What is expected:
Restate every line below word for word, but drop each picture.

Dataset entries:
◇ ◇ ◇ ◇ ◇

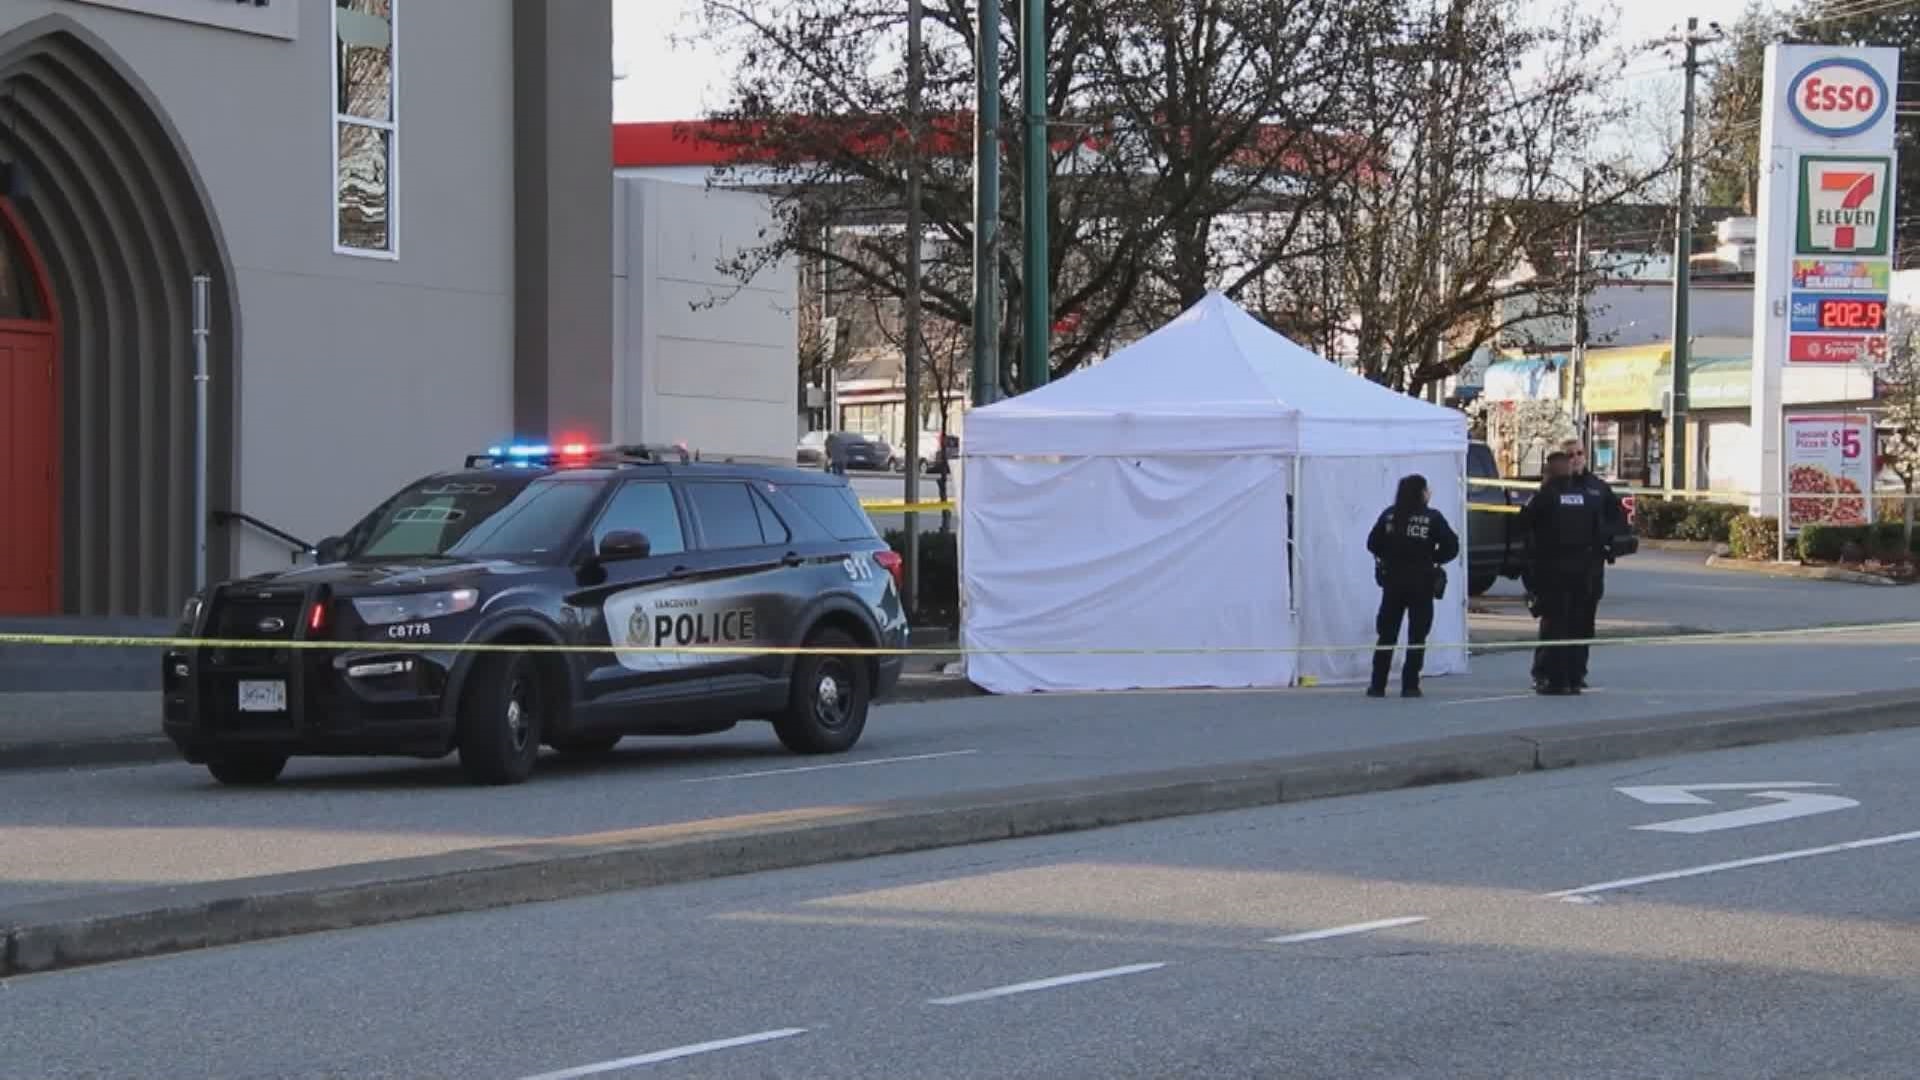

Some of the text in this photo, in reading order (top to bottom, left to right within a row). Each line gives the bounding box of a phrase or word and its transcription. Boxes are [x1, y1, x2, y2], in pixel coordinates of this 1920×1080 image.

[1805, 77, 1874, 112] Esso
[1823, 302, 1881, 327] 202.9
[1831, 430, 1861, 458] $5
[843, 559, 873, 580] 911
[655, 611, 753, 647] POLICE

◇ ◇ ◇ ◇ ◇

Solved problem:
Some of the text in this photo, in reading order (top to bottom, left to right within a row). Each line gives the bounding box of a phrase or word and its transcription. Boxes are [x1, y1, x2, y2], in pixel coordinates of this 1920×1080 image.

[1805, 77, 1874, 112] Esso
[1823, 302, 1881, 327] 202.9
[1831, 430, 1861, 458] $5
[843, 559, 873, 580] 911
[655, 611, 753, 647] POLICE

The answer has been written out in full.